Well I can go on for ever but I´ll send some pics instead to try and give you a taste of Buenos Aires. And the meat you eat here. That picture is not at a butchers but a Parrilla named Des Nivel situated in San Telmo, and I am already best buddies with the waiters over there ..hehehe








I love Buenos Aires.






The Plan

So this is it. South America. 6 moths of it. The plan is to cover as much as possible of it. Landing in Brasil, down to Argentina, back up to Brasil all the way up along the coast, cross into Bolivia through Amazonia, Peru, Equador (my treat... The Galapagos) up to Columbia, Venezuela, Cuba and finally fly back from Mexico.

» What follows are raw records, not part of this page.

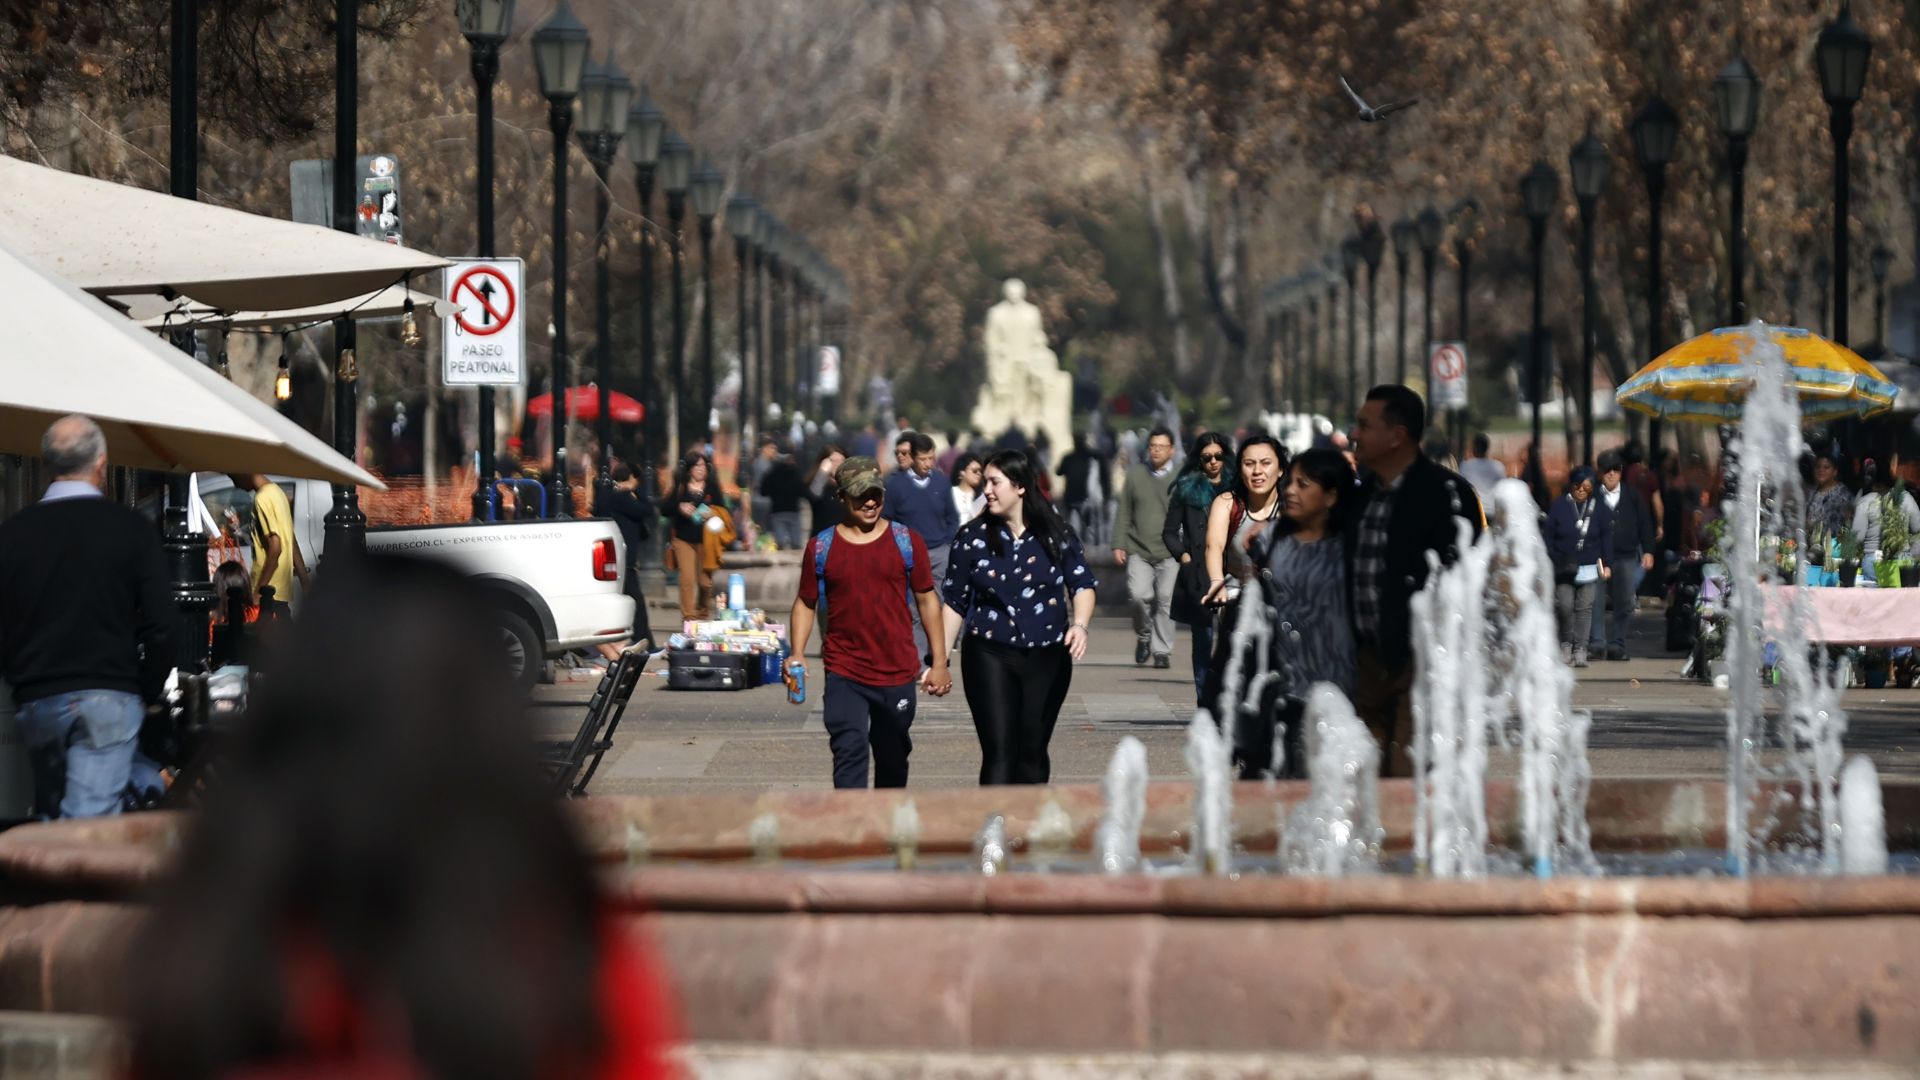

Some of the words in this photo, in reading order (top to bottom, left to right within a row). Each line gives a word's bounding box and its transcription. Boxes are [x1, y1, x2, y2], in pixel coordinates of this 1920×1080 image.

[461, 343, 503, 357] PASEO
[450, 360, 515, 374] PEATONAL
[453, 534, 502, 545] EXPERTOS
[504, 533, 517, 542] EN
[519, 531, 562, 541] ASBESTO

So for me it all started in Sao Paolo Brasil where I landed at around 11pm on Sunday the 21st Jan 2007. After more than an hour waiting for my backpack, I found out that British Airways had lost all my belongings for the next 6 months. It´s almost 1 am by now and I am stuck at the airport, so i find a cosy spot at the airport and make it my bed.

I wake up round 6 and make my way to the city to buy me some essential stuff like clothes..hehehe and make an excuse of it to see the city. Massive place but business oriented so i decide to head for Foz De Iguazu that same day. 4pm comes and i am on the bus to Iguazu on an 18 hr bus ride,at least i have a decent bed...hehehe

I arrive in Foz on Tuesday morning in serious need of a shower, so i head to Paulimar hostel which turns out to have a swimming pool and yes finally showers.. In the afternoon i headed for the falls. Amazing place, really is i mean i spent 2 days looking at water fall down and would go again any day. And if u thought it couldn´t get better just go on the Argentinian side. From Brasil u get a pamoramic view but in Argentina you are in the falls.

And now it´s Buenos Aires baby...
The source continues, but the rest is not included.